» Task goal
The following entries should be restated word for word, pictures excluded.

BEGIN

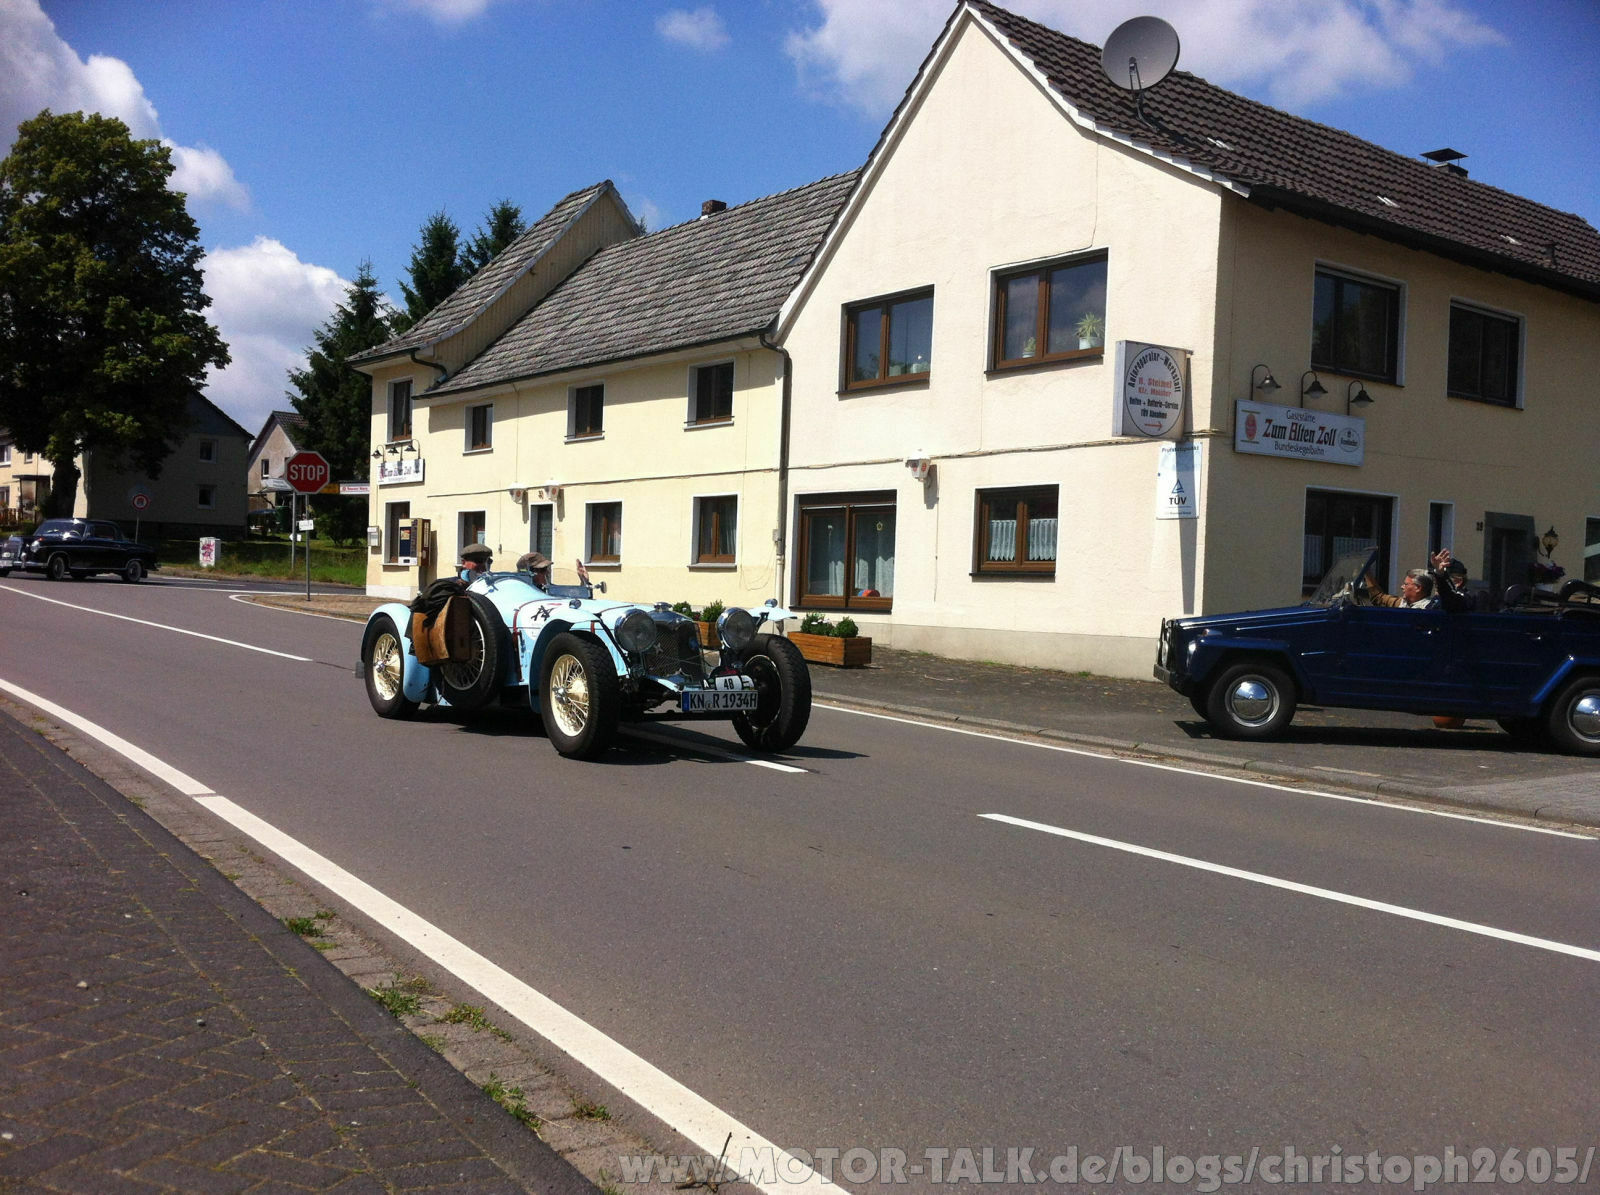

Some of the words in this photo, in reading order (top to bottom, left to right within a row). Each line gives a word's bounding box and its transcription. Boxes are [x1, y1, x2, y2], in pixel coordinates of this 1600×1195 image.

[1286, 410, 1316, 423] Gaststätte
[1262, 419, 1286, 440] Zum
[1288, 422, 1316, 444] Alten
[1316, 426, 1338, 447] Zoll
[1274, 441, 1325, 457] Bundeskegelbahn
[290, 464, 325, 481] STOP
[1168, 495, 1187, 505] TÜV
[690, 694, 705, 709] KN
[712, 694, 720, 709] R
[723, 693, 757, 708] 1934H

END

» Answer to the problem
Some of the words in this photo, in reading order (top to bottom, left to right within a row). Each line gives a word's bounding box and its transcription. Boxes are [x1, y1, x2, y2], in pixel coordinates of this 1600×1195 image.

[1286, 410, 1316, 423] Gaststätte
[1262, 419, 1286, 440] Zum
[1288, 422, 1316, 444] Alten
[1316, 426, 1338, 447] Zoll
[1274, 441, 1325, 457] Bundeskegelbahn
[290, 464, 325, 481] STOP
[1168, 495, 1187, 505] TÜV
[690, 694, 705, 709] KN
[712, 694, 720, 709] R
[723, 693, 757, 708] 1934H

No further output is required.